__What you need to do__
Would you set down the whole listing again exactly as it appears?

____

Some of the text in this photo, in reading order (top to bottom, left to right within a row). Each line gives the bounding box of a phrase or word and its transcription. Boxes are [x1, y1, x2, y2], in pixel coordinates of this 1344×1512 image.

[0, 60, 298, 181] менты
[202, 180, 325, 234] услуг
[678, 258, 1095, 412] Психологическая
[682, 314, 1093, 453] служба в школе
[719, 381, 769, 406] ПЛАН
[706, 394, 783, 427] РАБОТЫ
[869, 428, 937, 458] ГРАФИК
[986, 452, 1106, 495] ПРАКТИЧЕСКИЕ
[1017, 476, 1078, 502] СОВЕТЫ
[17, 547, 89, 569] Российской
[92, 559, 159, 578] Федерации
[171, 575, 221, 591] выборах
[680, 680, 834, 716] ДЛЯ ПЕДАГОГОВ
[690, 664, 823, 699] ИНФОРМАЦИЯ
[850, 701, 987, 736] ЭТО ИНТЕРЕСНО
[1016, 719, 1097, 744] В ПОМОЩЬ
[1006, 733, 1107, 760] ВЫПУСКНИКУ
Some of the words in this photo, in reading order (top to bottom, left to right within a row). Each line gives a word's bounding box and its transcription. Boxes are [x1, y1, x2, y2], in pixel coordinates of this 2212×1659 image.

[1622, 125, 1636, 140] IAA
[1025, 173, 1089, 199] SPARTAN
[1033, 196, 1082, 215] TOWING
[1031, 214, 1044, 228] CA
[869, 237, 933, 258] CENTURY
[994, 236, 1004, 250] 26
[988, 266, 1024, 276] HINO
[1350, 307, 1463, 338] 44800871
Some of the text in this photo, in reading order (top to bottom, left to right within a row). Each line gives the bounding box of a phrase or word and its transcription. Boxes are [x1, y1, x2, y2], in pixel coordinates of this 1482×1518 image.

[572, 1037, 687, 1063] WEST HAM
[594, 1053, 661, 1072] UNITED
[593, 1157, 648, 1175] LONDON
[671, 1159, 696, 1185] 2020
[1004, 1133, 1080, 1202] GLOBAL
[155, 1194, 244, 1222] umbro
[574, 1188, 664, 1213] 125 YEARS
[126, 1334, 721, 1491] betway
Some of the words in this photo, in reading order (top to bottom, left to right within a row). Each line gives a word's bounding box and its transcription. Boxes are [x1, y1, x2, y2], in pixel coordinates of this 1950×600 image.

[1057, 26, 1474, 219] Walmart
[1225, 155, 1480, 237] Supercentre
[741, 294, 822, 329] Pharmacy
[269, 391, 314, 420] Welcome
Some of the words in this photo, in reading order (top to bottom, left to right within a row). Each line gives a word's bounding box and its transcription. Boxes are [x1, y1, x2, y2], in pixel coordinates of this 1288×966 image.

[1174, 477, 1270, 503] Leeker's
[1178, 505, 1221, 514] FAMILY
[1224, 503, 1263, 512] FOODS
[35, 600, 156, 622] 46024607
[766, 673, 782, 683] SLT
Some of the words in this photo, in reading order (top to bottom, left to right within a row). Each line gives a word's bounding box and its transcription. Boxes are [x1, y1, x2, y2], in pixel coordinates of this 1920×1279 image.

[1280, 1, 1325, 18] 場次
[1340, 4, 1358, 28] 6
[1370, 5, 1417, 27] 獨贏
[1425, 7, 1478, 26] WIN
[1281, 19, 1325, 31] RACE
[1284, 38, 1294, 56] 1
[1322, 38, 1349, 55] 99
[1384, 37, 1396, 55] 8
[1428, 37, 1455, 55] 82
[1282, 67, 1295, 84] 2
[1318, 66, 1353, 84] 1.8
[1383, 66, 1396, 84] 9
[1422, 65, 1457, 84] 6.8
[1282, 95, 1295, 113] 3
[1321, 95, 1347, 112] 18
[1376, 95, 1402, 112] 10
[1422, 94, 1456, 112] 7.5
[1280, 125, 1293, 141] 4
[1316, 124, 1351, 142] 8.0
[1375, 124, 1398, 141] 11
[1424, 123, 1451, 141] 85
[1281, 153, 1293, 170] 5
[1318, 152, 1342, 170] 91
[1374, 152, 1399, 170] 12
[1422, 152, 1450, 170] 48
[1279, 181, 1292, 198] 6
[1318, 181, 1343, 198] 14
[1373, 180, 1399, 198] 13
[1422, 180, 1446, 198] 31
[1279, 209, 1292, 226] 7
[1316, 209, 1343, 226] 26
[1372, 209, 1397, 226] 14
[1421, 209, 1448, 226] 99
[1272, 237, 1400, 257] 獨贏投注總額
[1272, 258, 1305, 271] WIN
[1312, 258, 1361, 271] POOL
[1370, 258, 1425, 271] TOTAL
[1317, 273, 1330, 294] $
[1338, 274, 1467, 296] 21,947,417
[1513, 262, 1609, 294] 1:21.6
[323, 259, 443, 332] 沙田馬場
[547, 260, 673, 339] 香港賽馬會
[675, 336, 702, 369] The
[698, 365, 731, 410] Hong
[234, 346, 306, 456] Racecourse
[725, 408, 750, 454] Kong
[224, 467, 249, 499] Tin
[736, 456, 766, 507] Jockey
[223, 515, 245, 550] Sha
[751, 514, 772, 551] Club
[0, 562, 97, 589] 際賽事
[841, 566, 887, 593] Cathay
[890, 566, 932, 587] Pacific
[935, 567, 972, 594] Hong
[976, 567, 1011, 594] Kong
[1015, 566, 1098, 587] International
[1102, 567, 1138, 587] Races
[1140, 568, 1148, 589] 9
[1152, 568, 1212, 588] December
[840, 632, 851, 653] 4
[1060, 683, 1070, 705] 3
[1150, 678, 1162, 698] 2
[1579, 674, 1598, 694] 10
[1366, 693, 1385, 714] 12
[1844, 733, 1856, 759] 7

____

__Task output__
Some of the text in this photo, in reading order (top to bottom, left to right within a row). Each line gives the bounding box of a phrase or word and its transcription. Boxes are [x1, y1, x2, y2], in pixel coordinates of this 1344×1512 image.

[0, 60, 298, 181] менты
[202, 180, 325, 234] услуг
[678, 258, 1095, 412] Психологическая
[682, 314, 1093, 453] служба в школе
[719, 381, 769, 406] ПЛАН
[706, 394, 783, 427] РАБОТЫ
[869, 428, 937, 458] ГРАФИК
[986, 452, 1106, 495] ПРАКТИЧЕСКИЕ
[1017, 476, 1078, 502] СОВЕТЫ
[17, 547, 89, 569] Российской
[92, 559, 159, 578] Федерации
[171, 575, 221, 591] выборах
[680, 680, 834, 716] ДЛЯ ПЕДАГОГОВ
[690, 664, 823, 699] ИНФОРМАЦИЯ
[850, 701, 987, 736] ЭТО ИНТЕРЕСНО
[1016, 719, 1097, 744] В ПОМОЩЬ
[1006, 733, 1107, 760] ВЫПУСКНИКУ
Some of the words in this photo, in reading order (top to bottom, left to right within a row). Each line gives a word's bounding box and its transcription. Boxes are [x1, y1, x2, y2], in pixel coordinates of this 2212×1659 image.

[1622, 125, 1636, 140] IAA
[1025, 173, 1089, 199] SPARTAN
[1033, 196, 1082, 215] TOWING
[1031, 214, 1044, 228] CA
[869, 237, 933, 258] CENTURY
[994, 236, 1004, 250] 26
[988, 266, 1024, 276] HINO
[1350, 307, 1463, 338] 44800871
Some of the text in this photo, in reading order (top to bottom, left to right within a row). Each line gives the bounding box of a phrase or word and its transcription. Boxes are [x1, y1, x2, y2], in pixel coordinates of this 1482×1518 image.

[572, 1037, 687, 1063] WEST HAM
[594, 1053, 661, 1072] UNITED
[593, 1157, 648, 1175] LONDON
[671, 1159, 696, 1185] 2020
[1004, 1133, 1080, 1202] GLOBAL
[155, 1194, 244, 1222] umbro
[574, 1188, 664, 1213] 125 YEARS
[126, 1334, 721, 1491] betway
Some of the words in this photo, in reading order (top to bottom, left to right within a row). Each line gives a word's bounding box and its transcription. Boxes are [x1, y1, x2, y2], in pixel coordinates of this 1950×600 image.

[1057, 26, 1474, 219] Walmart
[1225, 155, 1480, 237] Supercentre
[741, 294, 822, 329] Pharmacy
[269, 391, 314, 420] Welcome
Some of the words in this photo, in reading order (top to bottom, left to right within a row). Each line gives a word's bounding box and its transcription. Boxes are [x1, y1, x2, y2], in pixel coordinates of this 1288×966 image.

[1174, 477, 1270, 503] Leeker's
[1178, 505, 1221, 514] FAMILY
[1224, 503, 1263, 512] FOODS
[35, 600, 156, 622] 46024607
[766, 673, 782, 683] SLT
Some of the words in this photo, in reading order (top to bottom, left to right within a row). Each line gives a word's bounding box and its transcription. Boxes are [x1, y1, x2, y2], in pixel coordinates of this 1920×1279 image.

[1280, 1, 1325, 18] 場次
[1340, 4, 1358, 28] 6
[1370, 5, 1417, 27] 獨贏
[1425, 7, 1478, 26] WIN
[1281, 19, 1325, 31] RACE
[1284, 38, 1294, 56] 1
[1322, 38, 1349, 55] 99
[1384, 37, 1396, 55] 8
[1428, 37, 1455, 55] 82
[1282, 67, 1295, 84] 2
[1318, 66, 1353, 84] 1.8
[1383, 66, 1396, 84] 9
[1422, 65, 1457, 84] 6.8
[1282, 95, 1295, 113] 3
[1321, 95, 1347, 112] 18
[1376, 95, 1402, 112] 10
[1422, 94, 1456, 112] 7.5
[1280, 125, 1293, 141] 4
[1316, 124, 1351, 142] 8.0
[1375, 124, 1398, 141] 11
[1424, 123, 1451, 141] 85
[1281, 153, 1293, 170] 5
[1318, 152, 1342, 170] 91
[1374, 152, 1399, 170] 12
[1422, 152, 1450, 170] 48
[1279, 181, 1292, 198] 6
[1318, 181, 1343, 198] 14
[1373, 180, 1399, 198] 13
[1422, 180, 1446, 198] 31
[1279, 209, 1292, 226] 7
[1316, 209, 1343, 226] 26
[1372, 209, 1397, 226] 14
[1421, 209, 1448, 226] 99
[1272, 237, 1400, 257] 獨贏投注總額
[1272, 258, 1305, 271] WIN
[1312, 258, 1361, 271] POOL
[1370, 258, 1425, 271] TOTAL
[1317, 273, 1330, 294] $
[1338, 274, 1467, 296] 21,947,417
[1513, 262, 1609, 294] 1:21.6
[323, 259, 443, 332] 沙田馬場
[547, 260, 673, 339] 香港賽馬會
[675, 336, 702, 369] The
[698, 365, 731, 410] Hong
[234, 346, 306, 456] Racecourse
[725, 408, 750, 454] Kong
[224, 467, 249, 499] Tin
[736, 456, 766, 507] Jockey
[223, 515, 245, 550] Sha
[751, 514, 772, 551] Club
[0, 562, 97, 589] 際賽事
[841, 566, 887, 593] Cathay
[890, 566, 932, 587] Pacific
[935, 567, 972, 594] Hong
[976, 567, 1011, 594] Kong
[1015, 566, 1098, 587] International
[1102, 567, 1138, 587] Races
[1140, 568, 1148, 589] 9
[1152, 568, 1212, 588] December
[840, 632, 851, 653] 4
[1060, 683, 1070, 705] 3
[1150, 678, 1162, 698] 2
[1579, 674, 1598, 694] 10
[1366, 693, 1385, 714] 12
[1844, 733, 1856, 759] 7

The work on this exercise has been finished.